Tratando de recuperar la compostura Ortega accedió a todas las peticiones.

—Ahí estaré, díganle al general Díaz, cumpliré con todo lo solicitado.

—¡Qué requetebueno!, ¿no, tú...? —contestó el otro enfundando ambas pistolas—. Le va a dar harto gusto a mi general.

Cuando ambos embajadores se aprestaban a retirarse, el mayor alcanzó a decir:

—Oiga, dotorcito, no me vaya a salir con la chingadera de que se me pintó asté de Oaxaca y nos deja plantados, porque soy harto experto en encontrar culebras y ratas pa' comer cuando faltan los frijoles. Críame que lo hallaré en cualquier agujero perdido en las milpas y le partiré todititita su madre por dejarme en redículo. A mí naidien me ha visto todavía la cara de pendejo, siñor.

—No se preocupe, ahí estaré...

—Y otra más, no se le ocurra estar de jeta como si alguien lo hubiera obligado a estar en la boda porque me cuelgan a mí, siñor, de modo que buena jetita cuando entregue a la novia y cuando firme. Ya me contarán cómo bailó asté la primera pieza con la chamaquita...

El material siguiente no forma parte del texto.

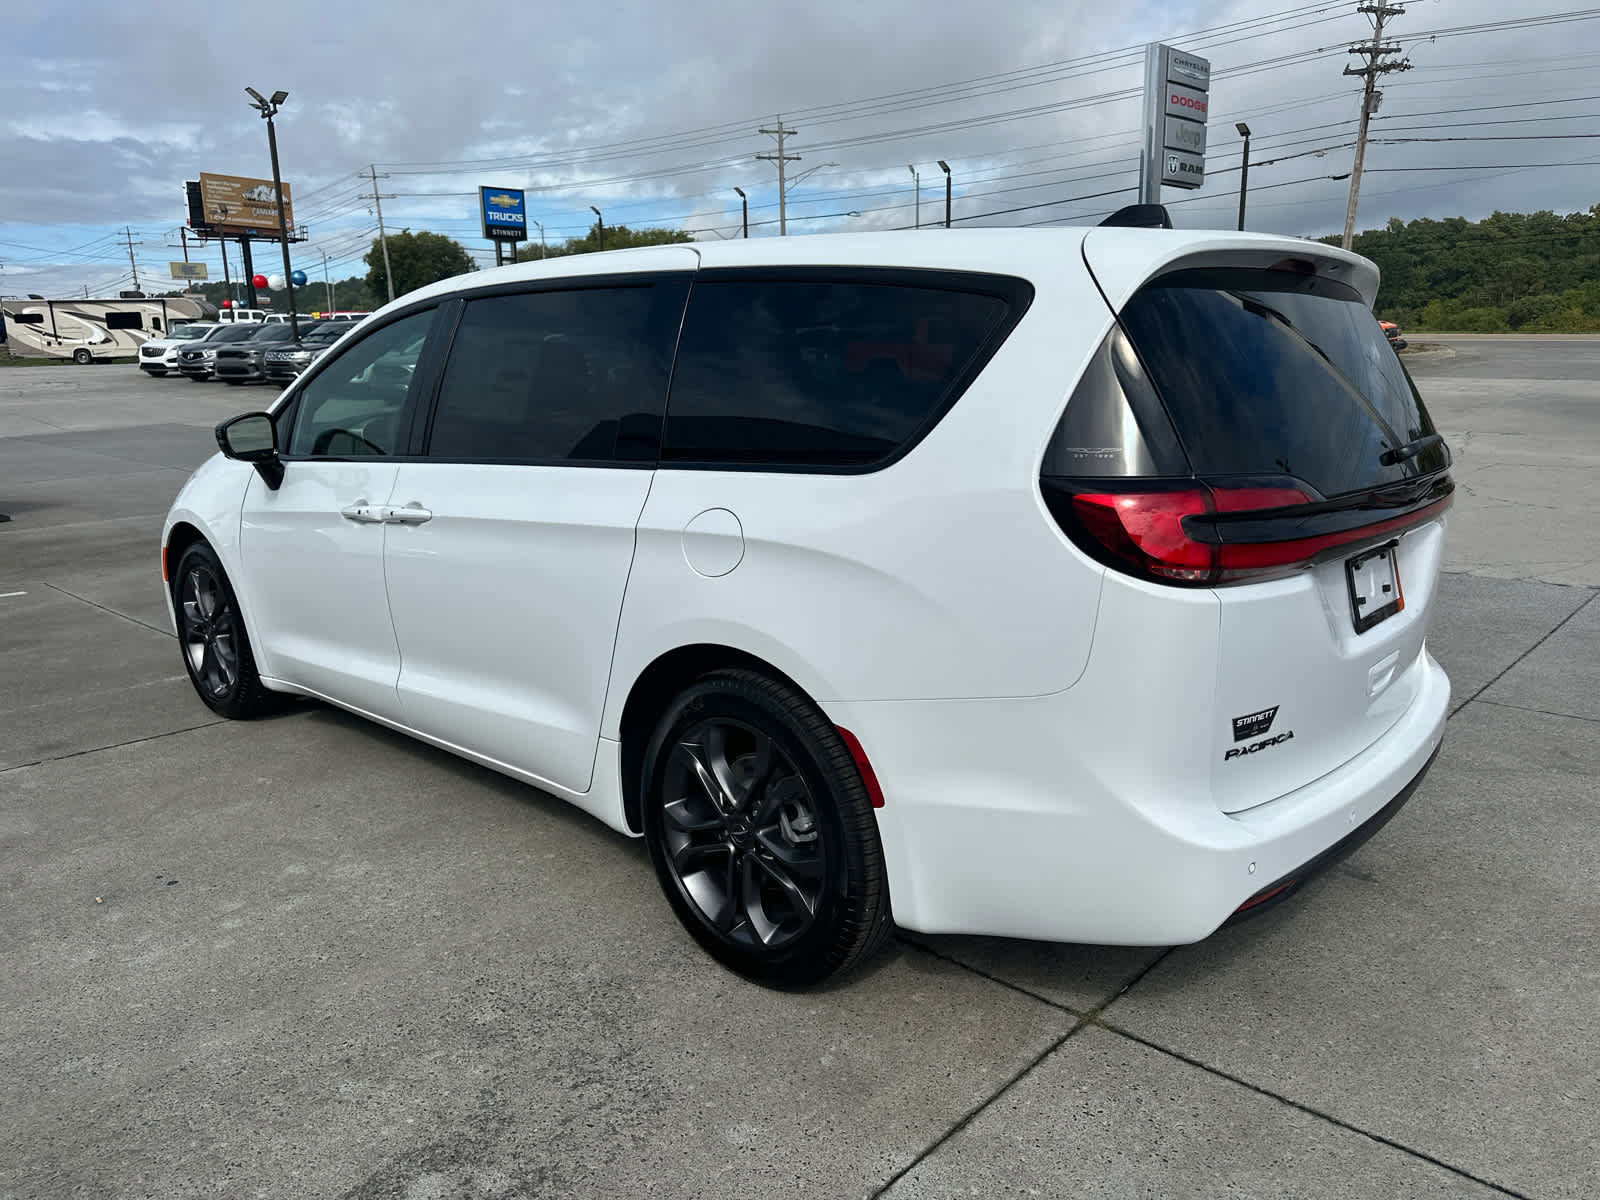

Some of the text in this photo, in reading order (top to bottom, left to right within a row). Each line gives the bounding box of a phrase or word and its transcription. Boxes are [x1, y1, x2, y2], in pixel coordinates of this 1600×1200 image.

De la Iglesia ni hablemos: ¿qué cura, obispo o arzobispo iba a casar a una sobrina con un tío carnal, siendo que éste, además, era un excomulgado por haber jurado hacer valer y respetar la Constitución de 1857? ¿Casar ante la suprema ley de Dios a un excomulgado que había destruido los privilegios y el patrimonio de los representantes del Señor aquí en la Tierra? ¿Qué broma era ésa...? Con los años, el doctor Ortega recibiría la muestra material del agradecimiento de su yerno: el presidente de la República le concedería el señaladísimo honor de elevarlo hasta la jerarquía de senador por el estado de Oaxaca.

Una vez obtenida la dispensa por mediación del presidente Benito Juárez, en razón del impedimento de consanguinidad establecido en el artículo 8 de la Ley del Registro Civil, casada, bien casada civilmente por poder el 15 de abril de 1867 en la residencia del general Porfirio Díaz, adonde asistió la sociedad oaxaqueña encabezada por el gobernador de Oaxaca, Juan María Maldonado, quien fungió con la debida sobriedad, a título de testigo de honor de tan fausto enlace, además, sobra decirlo, del doctor Manuel Ortega, evidentemente sonriente. Nicolasa, la tía Nicolasa, se negó a asistir por razones obvias —estaba en contra de semejante enlace—. Delfina se vio obligada a esperar todavía dos meses antes de salir, por fin, en busca de su marido. Se verían a finales de junio en la ciudad de México, en una pequeña casa ubicada atrás de la Plaza del Volador, a un lado precisamente de donde se encontraba el edificio siniestro que había sido ocupado durante siglos interminables por la Santa Inquisición. La primera decisión de Díaz, una vez recuperada la capital de la República, había consistido obviamente en enviar la autorización del viaje de su mujer para disfrutar ese feliz encuentro con el que no había dejado de soñar a lo largo de las noches de campaña. Bazaine ya había abandonado la capital el 5 de febrero de 1867 con los últimos contingentes del Cuerpo Expedicionario... Juárez había instalado su gobierno en Zacatecas... Se aproximaba a pasos agigantados rumbo al Bajío para saldar una cuenta histórica con el invasor. Ya sólo Veracruz, Puebla, Morelia y Querétaro permanecían bajo control del Imperio... Maximiliano había empezado su viaje en dirección al Cerro de las Campanas el 13 de febrero con una columna de cuatro mil hombres. Llevaba el pecho abierto a bordo del carruaje real. Estaba por cerrarse otro trágico capítulo de la historia negra de México.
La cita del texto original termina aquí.